En otras palabras, la evolución favorece a quienes transmiten más genes a la siguiente generación. Si un rasgo permite reproducirse con mayor éxito, tiene más probabilidades de mantenerse en la especie, incluso si no mejora la calidad de vida del individuo. Por esta razón, ser inteligente no garantiza necesariamente felicidad. La selección natural no está diseñada para producir individuos satisfechos, sino organismos capaces de sobrevivir y reproducirse.

El propio Bruner recuerda que muchas características biológicas funcionan como un paquete. Algunos rasgos pueden ser beneficiosos para la reproducción mientras otros resultan menos favorables para el bienestar personal.

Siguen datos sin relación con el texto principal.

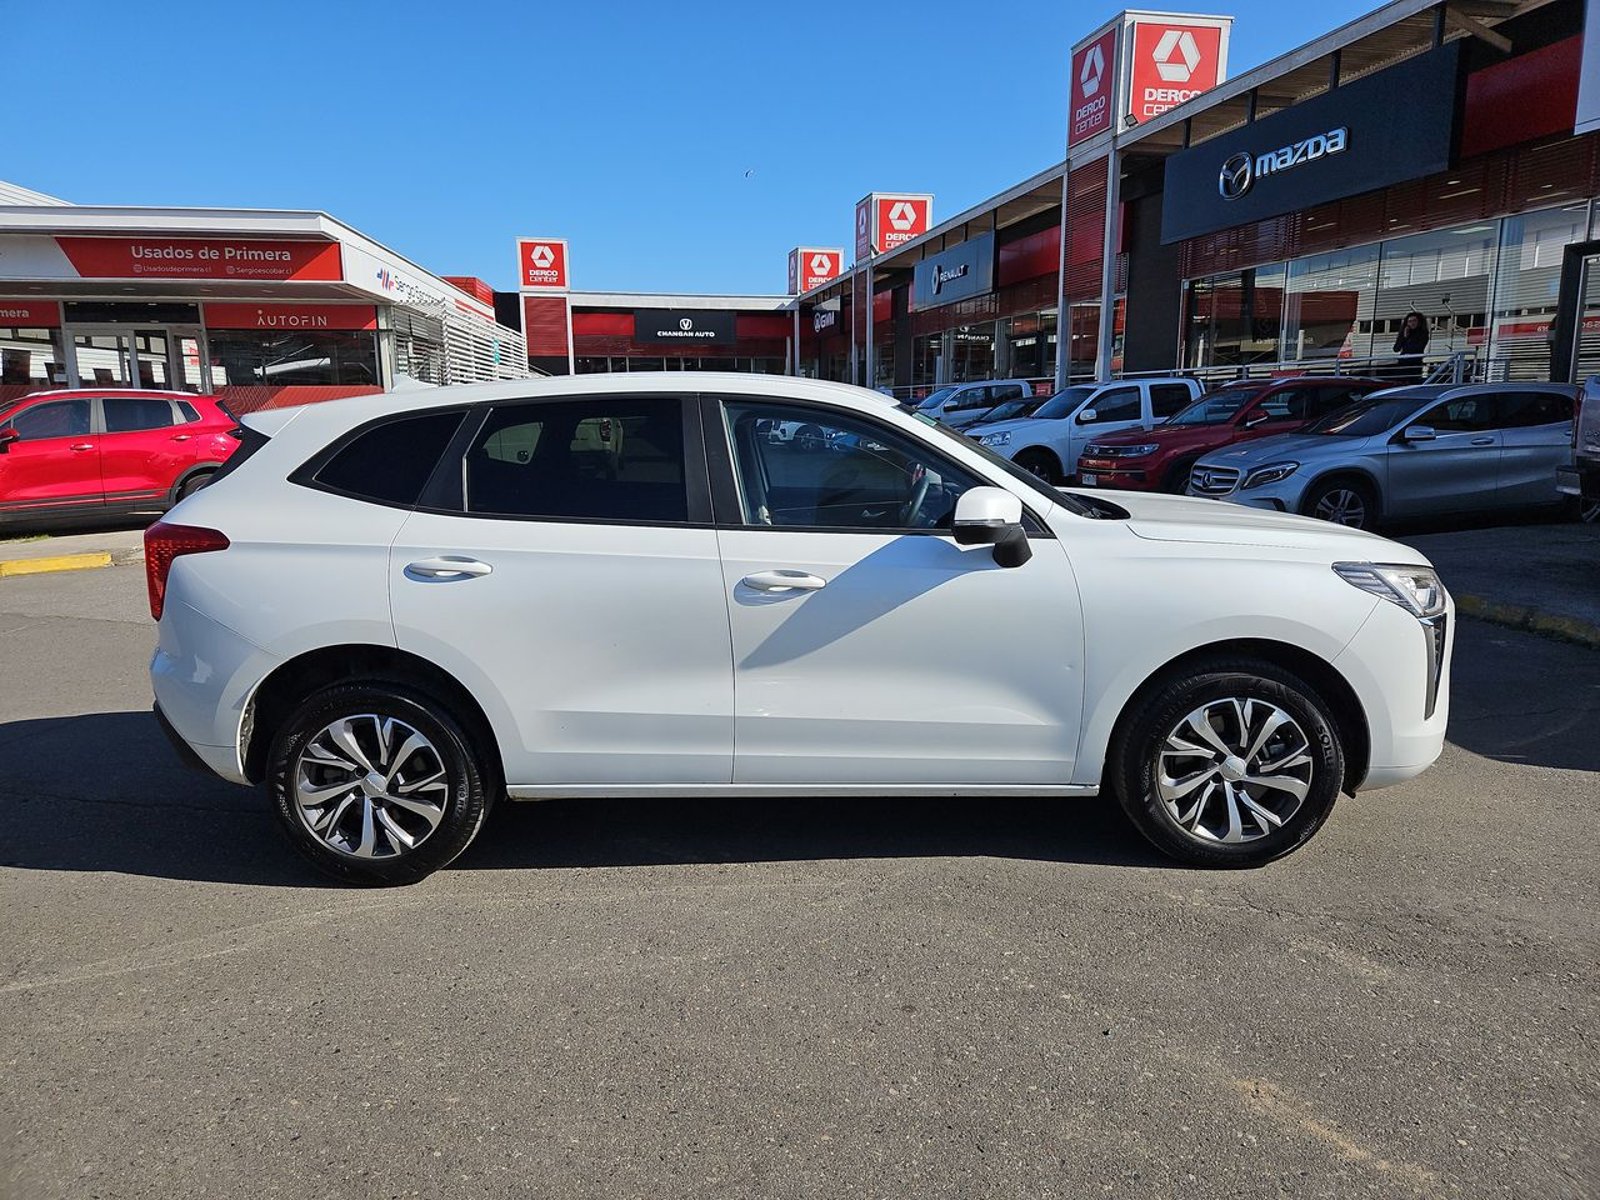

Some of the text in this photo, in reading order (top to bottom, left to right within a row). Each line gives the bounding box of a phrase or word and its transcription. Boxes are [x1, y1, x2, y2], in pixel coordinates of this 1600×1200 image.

Esta tensión entre evolución y bienestar es uno de los aspectos que más interesan al investigador. Desde su punto de vista, comprender nuestra historia evolutiva puede ayudar a explicar por qué los seres humanos experimentan conflictos emocionales o sentimientos de insatisfacción.

De hecho, el científico sostiene que la mayoría de las personas convive con cierto grado de malestar psicológico. Incluso quienes no presentan trastornos clínicos suelen experimentar momentos de inquietud, estrés o descontento.

Algunas estimaciones sugieren que cerca del 80 % de la población se encuentra cerca del llamado umbral clínico de malestar mental. Esto no significa que todos padezcan una enfermedad, pero sí que la insatisfacción forma parte habitual de la experiencia humana.

Para Emiliano Bruner, reconocer esta realidad es el primer paso para mejorar el bienestar. Muchas personas no son conscientes de que pueden trabajar en su desarrollo personal y cambiar ciertos hábitos mentales. En ese sentido, el entrenamiento de la atención ocupa un papel fundamental. Técnicas como la meditación o el mindfulness pueden ayudar a reducir el ruido mental y observar con mayor claridad los propios pensamientos.

El investigador compara este proceso con entrenar un músculo. Si la atención nunca se ejercita de forma consciente, resulta difícil mantener la concentración o gestionar las emociones. En última instancia, el objetivo no es convertirse en una persona más inteligente, sino aprender a vivir mejor. La inteligencia puede ser una herramienta útil, pero el bienestar depende también de la capacidad de observar, comprender y dirigir la propia mente.